* _WHAT THE TASK ASKS_
In your reply, repeat every entry exactly and skip over each picture.

[Extracted records]
◆ ◆ ◆

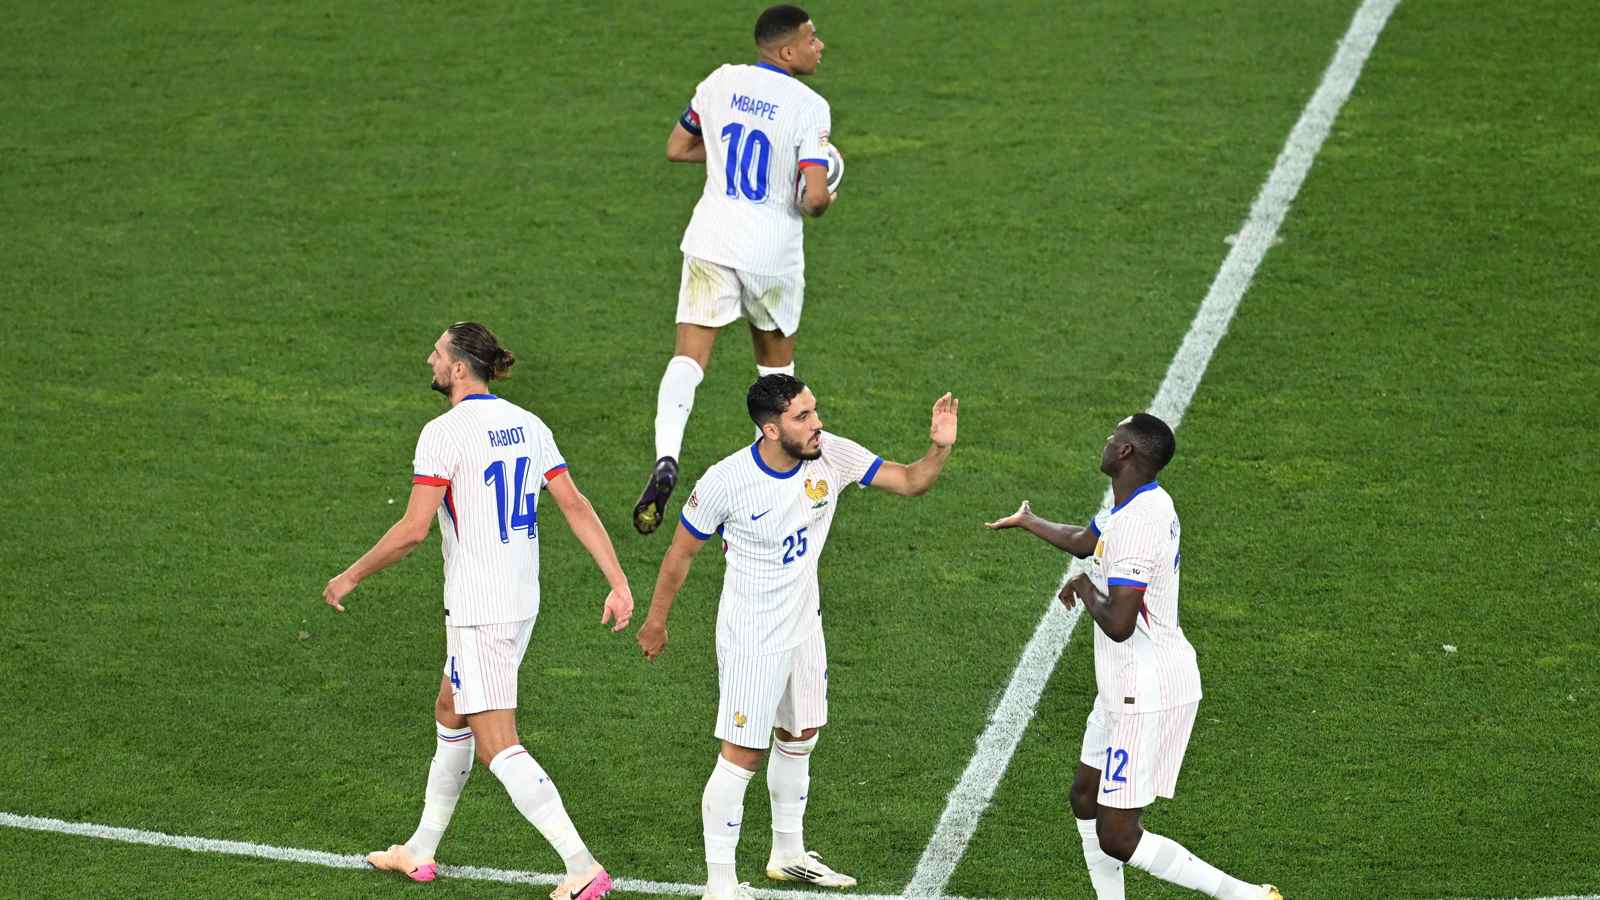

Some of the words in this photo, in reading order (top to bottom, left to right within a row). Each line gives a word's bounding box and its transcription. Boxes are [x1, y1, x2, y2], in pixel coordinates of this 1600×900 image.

[730, 93, 780, 121] MBAPPE
[721, 122, 773, 204] 10
[487, 426, 526, 447] RABIOT
[484, 456, 538, 544] 14
[782, 527, 808, 566] 25
[1105, 746, 1130, 783] 12

◆ ◆ ◆

* _TASK RESPONSE_
Some of the words in this photo, in reading order (top to bottom, left to right within a row). Each line gives a word's bounding box and its transcription. Boxes are [x1, y1, x2, y2], in pixel coordinates of this 1600×900 image.

[730, 93, 780, 121] MBAPPE
[721, 122, 773, 204] 10
[487, 426, 526, 447] RABIOT
[484, 456, 538, 544] 14
[782, 527, 808, 566] 25
[1105, 746, 1130, 783] 12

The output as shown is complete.